I have read a bit about stable and unstable manifolds on this website:
https://math.libretexts.org/Bookshelves/Differential_Equations/Book%3A_Ordinary_Differential_Equations_(Wiggins)/06%3A_Stable_and_Unstable_Manifolds_of_Equilibria?fbclid=IwAR2s9s7XB5TxehoQ0XfNA066iEYwIxvpt9kdup47t0t3AZy7PmndKsSKXU0
I have a question regarding example 6.13.
They say that "By inspection, we see that the y axis (i.e. x = 0) is the global stable manifold for the origin", but I don't quite understand how they can see that?
And can the global stable manifold be equal to the stable space?
Best Answer
It seems that the equation on that example has a typo and $\dot{y}$ should instead be equal to $-y + x^2$. Anyway, the stable manifold of the origin is, by definition, formed by the orbits that converge to the origin as time goes to infinity. Since the vector field has an extremely simple form on the $y$-axis, that is, $$ \dot{x} = 0 \ \text{and} \ \dot{y} = -y $$ we can solve it and know that for a point $(0,y_0)$ on the $y$-axis, the solution that passes by it at time $0$ is $(0,y_0e^{-t})$ which converges to $(0,0)$, this implies that the $y$-axis is contained in the stable manifold of the origin and is in fact all of the stable manifold of the origin, since we know it's a one dimensional disk.

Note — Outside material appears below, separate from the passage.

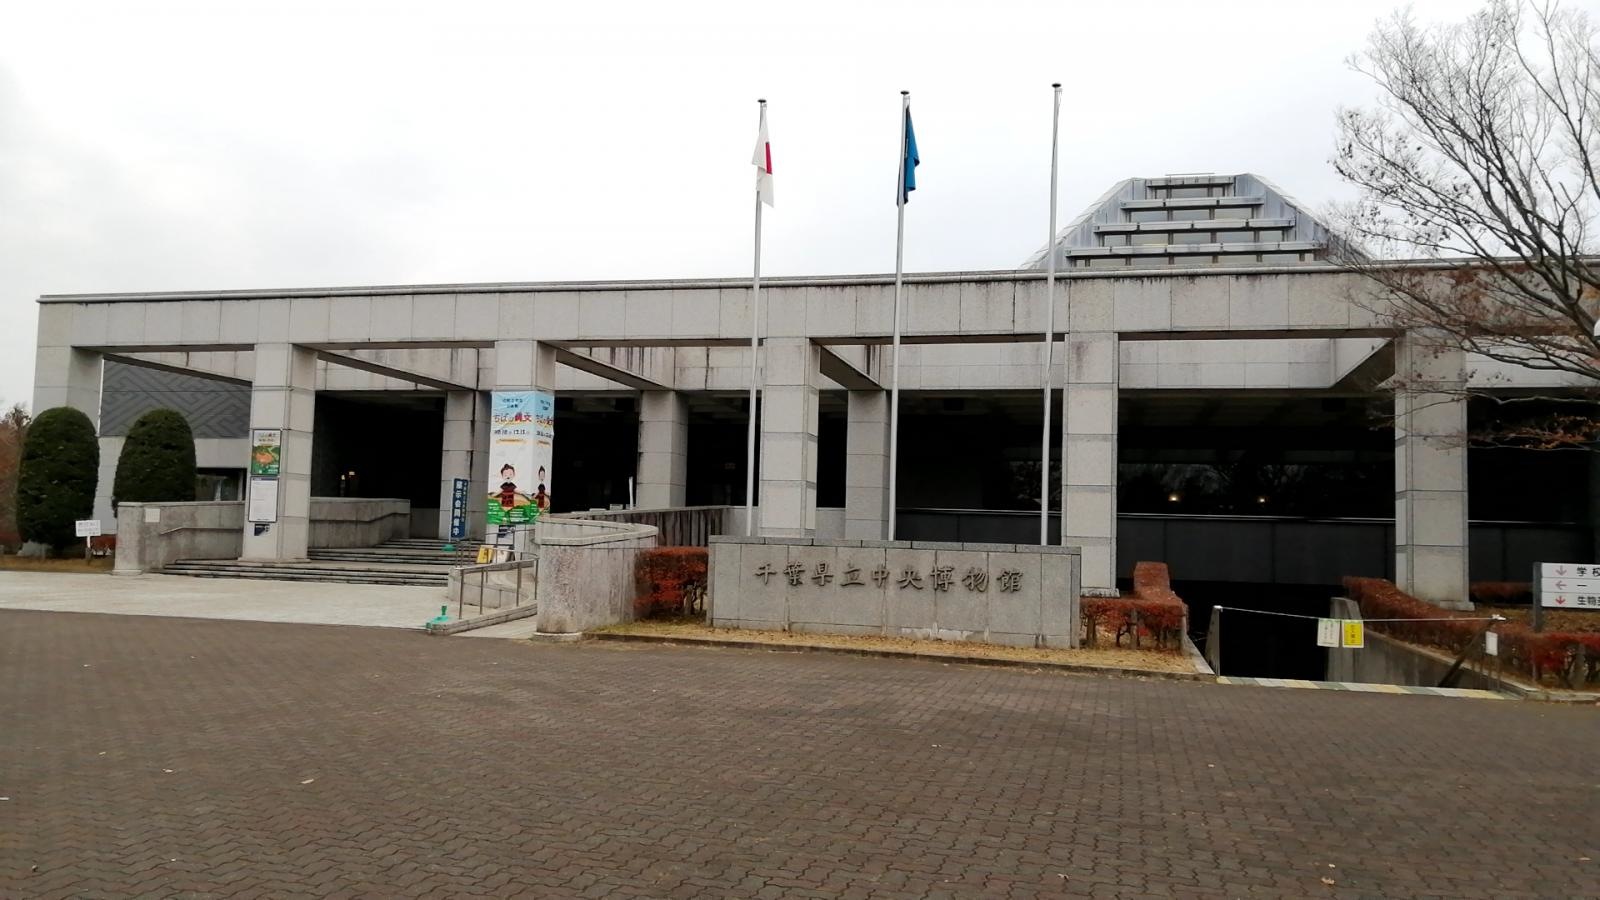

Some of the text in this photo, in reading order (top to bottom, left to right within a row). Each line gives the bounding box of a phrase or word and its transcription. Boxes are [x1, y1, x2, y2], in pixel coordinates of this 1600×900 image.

For your second question, this example shows exactly that the global stable manifold can in fact be equal to the stable space, but that was a coincidence caused by the linear format of the vector field on the $y$-axis, they are generally not equal. In fact, for vector fields in smooth manifolds in general, the stable space lives in the tangent space of the manifold while the stable manifold lives in the manifold itself, so they are two different objects.